**Data records:**
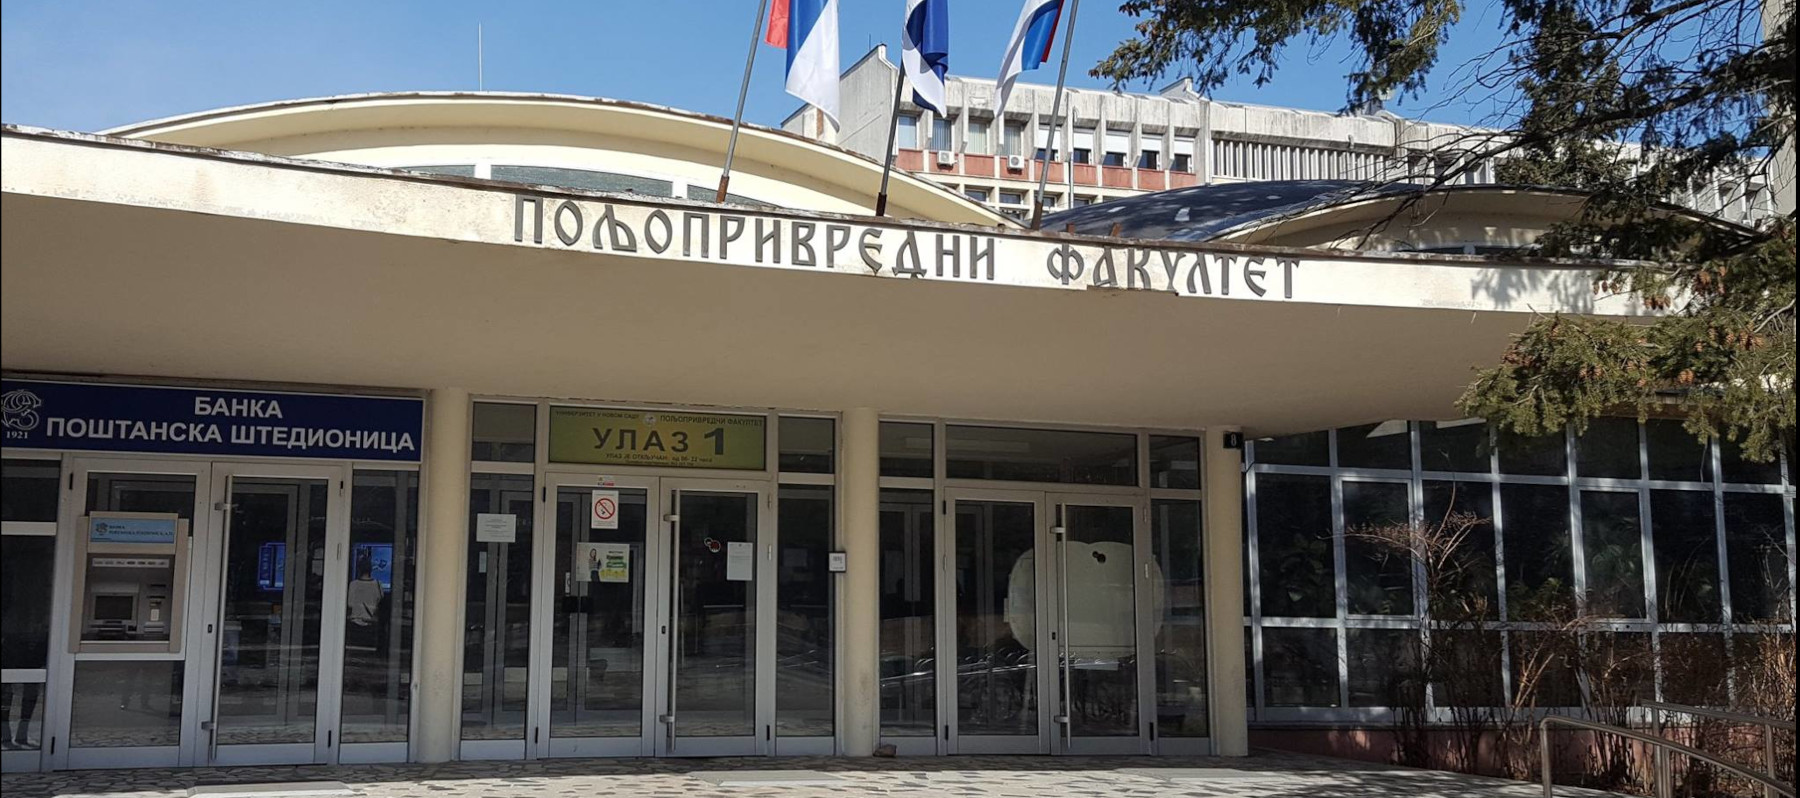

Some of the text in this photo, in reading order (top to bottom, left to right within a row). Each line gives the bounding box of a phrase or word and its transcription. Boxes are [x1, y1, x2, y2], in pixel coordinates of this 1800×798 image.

[514, 193, 1301, 299] ПОЉОПРИВРЕДНИ ФАКУЛТЕТ
[194, 396, 283, 420] БАНКА
[727, 417, 763, 427] ФАКУЛТЕТ
[6, 430, 29, 440] 1921
[46, 417, 415, 453] ПОШТАНСКА ШТЕДИОНИЦА
[592, 427, 725, 456] УЛАЗ 1
[1231, 433, 1237, 446] 8

**What is being asked:** Your answer must be an exact copy of the records, with every picture left out.

**Output of the task:**
Some of the text in this photo, in reading order (top to bottom, left to right within a row). Each line gives the bounding box of a phrase or word and its transcription. Boxes are [x1, y1, x2, y2], in pixel coordinates of this 1800×798 image.

[514, 193, 1301, 299] ПОЉОПРИВРЕДНИ ФАКУЛТЕТ
[194, 396, 283, 420] БАНКА
[727, 417, 763, 427] ФАКУЛТЕТ
[6, 430, 29, 440] 1921
[46, 417, 415, 453] ПОШТАНСКА ШТЕДИОНИЦА
[592, 427, 725, 456] УЛАЗ 1
[1231, 433, 1237, 446] 8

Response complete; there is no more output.